Companion Planting: Plant nasturtiums alongside aphid-repelling plants like garlic and chives.

Other Common Nasturtium Problems

1. Powdery Mildew:

  • Symptoms: White, powdery fungal growth on leaves and stems.
  • Prevention and Treatment: Ensure good air circulation, avoid overhead watering, and remove affected plant parts. Fungicides may also help.

2. Leaf Spot:

  • Symptoms: Brown or black spots on leaves, which may eventually lead to leaf drop.
  • Prevention and Treatment: Remove and dispose of infected leaves, avoid overhead watering, and maintain proper plant spacing for good air circulation.

3. Slugs and Snails:

  • Symptoms: Irregular holes in leaves, often with a shiny slime trail.
  • Prevention and Treatment: Use slug traps, barriers, or organic slug pellets. Hand-picking slugs and snails can also be effective.

4. Root Rot:

  • Symptoms: Wilting, yellowing leaves, and stunted growth, often caused by waterlogged soil.
  • Prevention and Treatment: Ensure well-draining soil and avoid overwatering. If root rot occurs, improve drainage and remove affected plants to prevent the spread.

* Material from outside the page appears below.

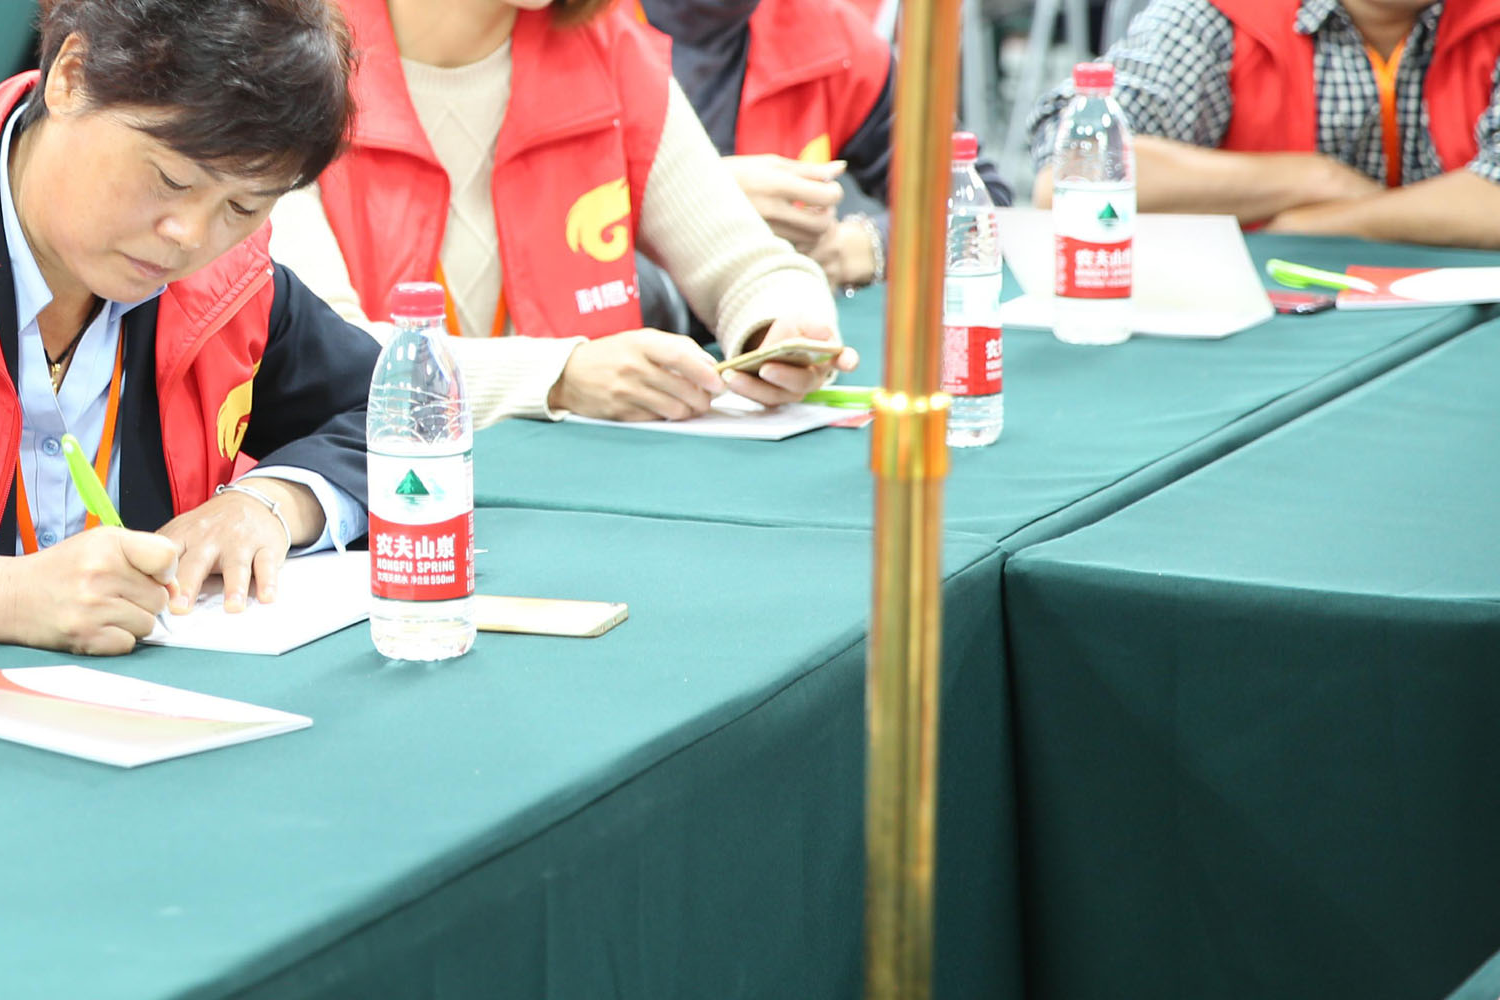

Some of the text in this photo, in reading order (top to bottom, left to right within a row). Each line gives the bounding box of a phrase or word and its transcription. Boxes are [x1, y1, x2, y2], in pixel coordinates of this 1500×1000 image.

General Tips for Healthy Nasturtiums

  • Watering: Water at the base of the plants to keep foliage dry and reduce the risk of fungal diseases.
  • Soil: Plant nasturtiums in well-drained soil and avoid overly rich soil, which can lead to excessive foliage growth at the expense of flowers.
  • Spacing: Provide adequate spacing between plants to ensure good air circulation and reduce the risk of disease.

By monitoring your nasturtiums regularly and addressing problems promptly, you can enjoy healthy, thriving plants throughout the growing season.

Growing Nasturtiums in Pots

Nasturtiums are well-suited for container gardening. Choose a pot with good drainage, fill it with well-draining soil, and place it in a sunny spot. Water regularly but avoid overwatering, as nasturtiums prefer slightly dry conditions.

How to Train Nasturtiums to Climb

To train nasturtiums to climb, provide a trellis or support structure. Gently tie the stems to the support with garden twine, guiding them as they grow. Regularly check and adjust the ties to ensure the stems are not damaged.

When Do Nasturtiums Flower

Nasturtiums typically flower from late spring to early autumn. The exact timing can vary depending on the planting time and climate. Regular deadheading can encourage continuous blooming.

Do Nasturtiums Come Back Every Year

Do Nasturtiums Self Seed

Nasturtiums are annuals, but they often self-seed. If you leave the spent flowers on the plant, they will produce seeds that drop to the ground and germinate the following spring, ensuring a new generation of plants each year.

Growing nasturtiums from seeds is a rewarding experience that adds beauty and functionality to your garden. With the right care and attention, you can enjoy these delightful plants year after year.


Growing nasturtiums from seeds is a straightforward and rewarding endeavour that adds vibrant colour and edible beauty to any garden. By understanding the different types of nasturtiums, their planting requirements in Australia, and how to care for them, you can enjoy a bountiful display of flowers throughout the growing season.

Whether you're growing them in pots, training them to climb, or using them as companion plants in your vegetable garden, nasturtiums are versatile and beneficial. With their ability to self-seed, you can look forward to their cheerful blooms year after year, making them a delightful addition to your gardening repertoire.